### EXERCISE DESCRIPTION
The reply must repeat each entry exactly and contain no pictures.

### DATASET CONTENT

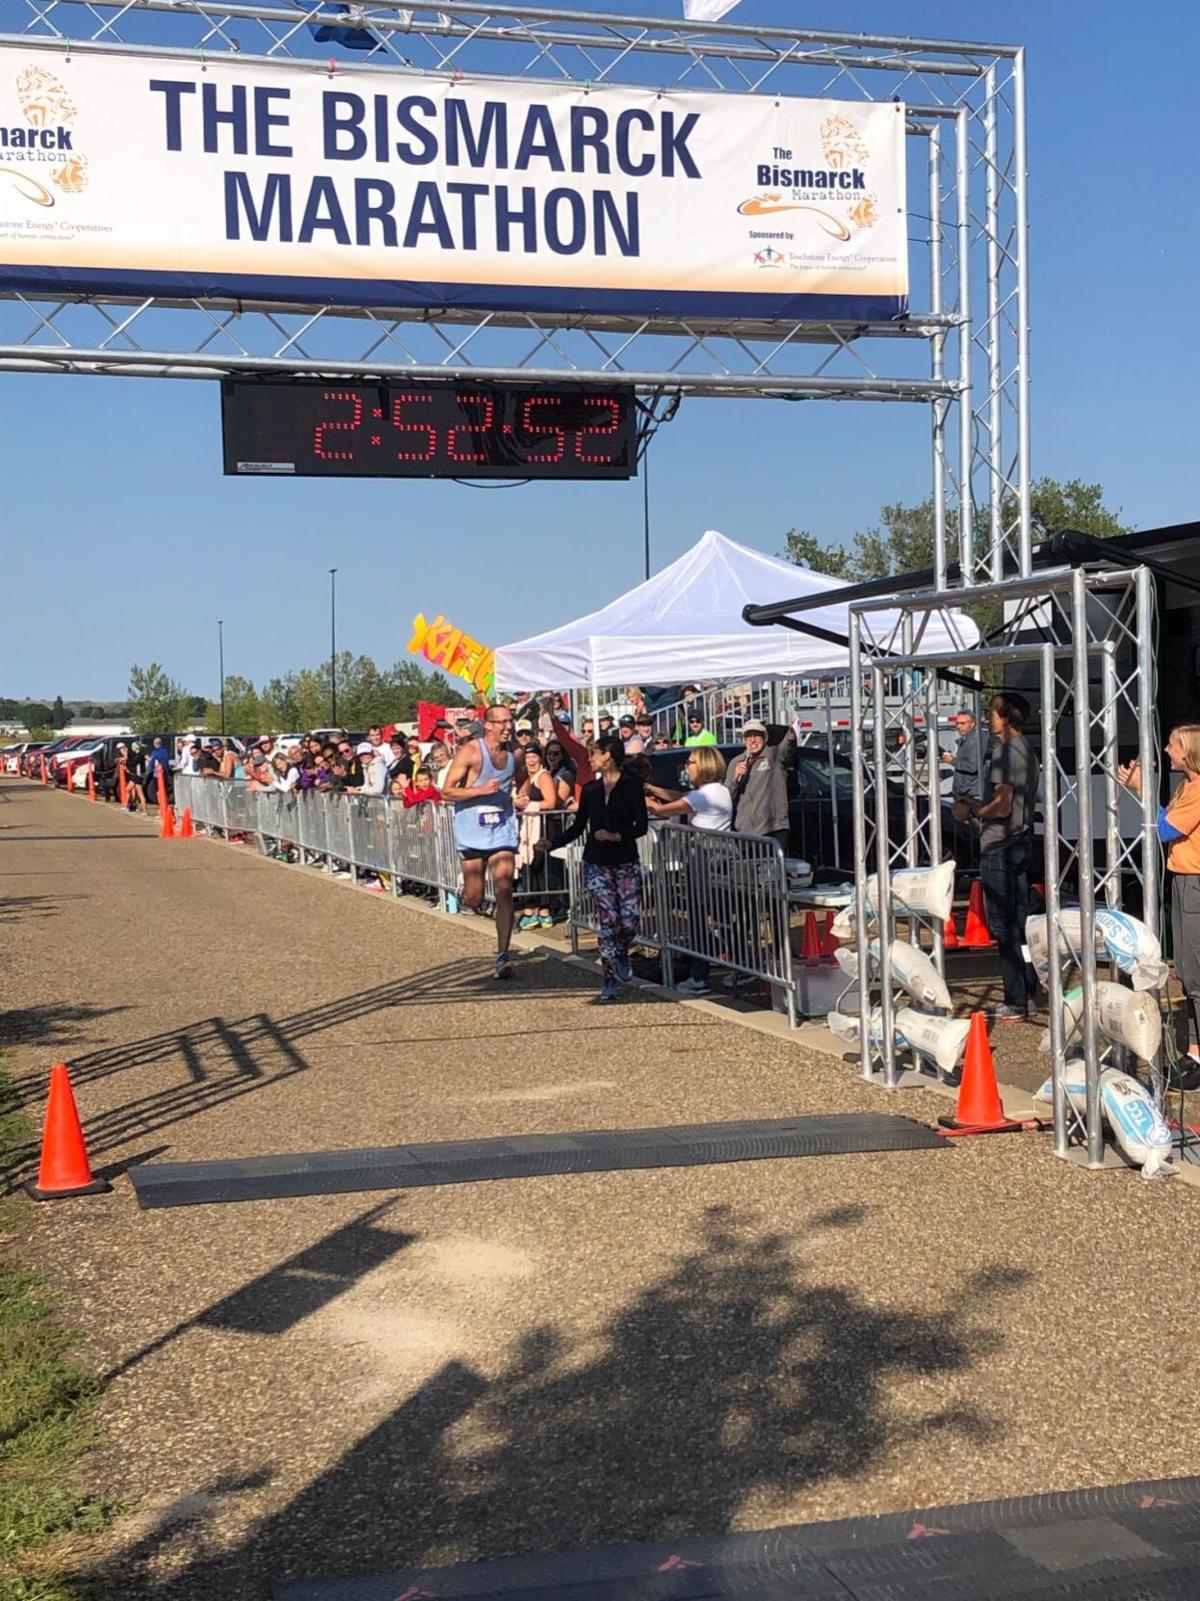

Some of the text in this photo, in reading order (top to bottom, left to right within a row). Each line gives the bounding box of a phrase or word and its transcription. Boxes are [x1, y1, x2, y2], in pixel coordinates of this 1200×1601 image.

[149, 79, 703, 179] THE BISMARCK
[773, 147, 793, 160] The
[757, 164, 866, 189] Bismarck
[792, 189, 861, 201] Marathon
[223, 170, 641, 258] MARATHON
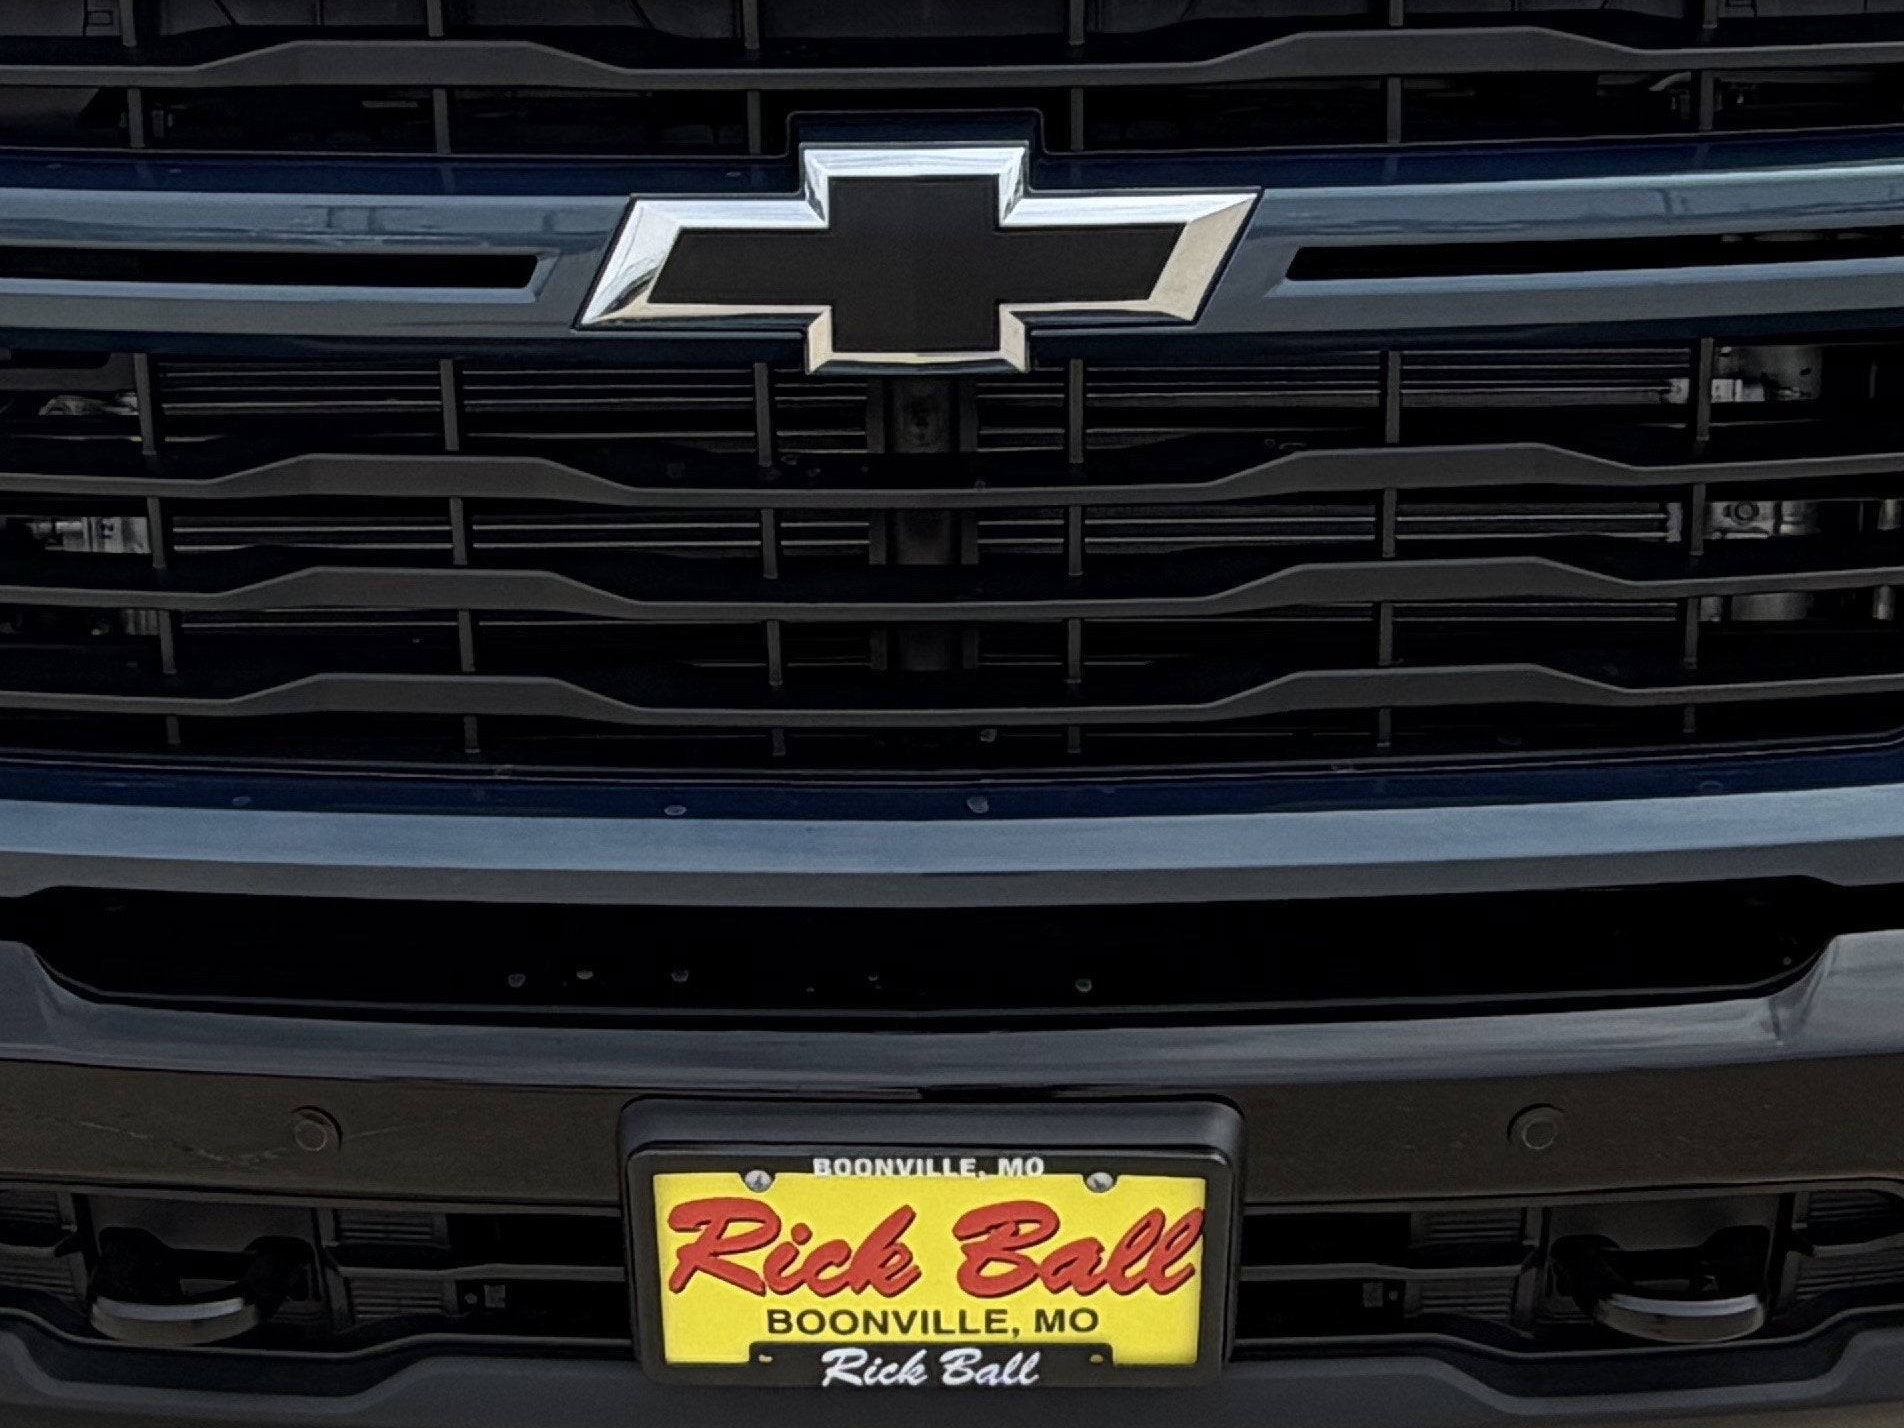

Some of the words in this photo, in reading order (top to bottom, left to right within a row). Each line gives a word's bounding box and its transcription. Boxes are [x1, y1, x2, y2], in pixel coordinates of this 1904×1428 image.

[813, 1157, 987, 1179] BOONVILLE,
[998, 1158, 1045, 1177] MO
[667, 1197, 922, 1298] Rick
[951, 1200, 1207, 1300] Ball
[766, 1308, 1021, 1339] BOONVILLE,
[1034, 1307, 1100, 1334] MO
[821, 1347, 929, 1388] Rick
[941, 1348, 1040, 1388] Ball

### OUTPUT BELOW
Some of the text in this photo, in reading order (top to bottom, left to right within a row). Each line gives the bounding box of a phrase or word and its transcription. Boxes are [x1, y1, x2, y2], in pixel coordinates of this 1200×1601 image.

[149, 79, 703, 179] THE BISMARCK
[773, 147, 793, 160] The
[757, 164, 866, 189] Bismarck
[792, 189, 861, 201] Marathon
[223, 170, 641, 258] MARATHON

Some of the words in this photo, in reading order (top to bottom, left to right within a row). Each line gives a word's bounding box and its transcription. Boxes are [x1, y1, x2, y2], in pixel coordinates of this 1904×1428 image.

[813, 1157, 987, 1179] BOONVILLE,
[998, 1158, 1045, 1177] MO
[667, 1197, 922, 1298] Rick
[951, 1200, 1207, 1300] Ball
[766, 1308, 1021, 1339] BOONVILLE,
[1034, 1307, 1100, 1334] MO
[821, 1347, 929, 1388] Rick
[941, 1348, 1040, 1388] Ball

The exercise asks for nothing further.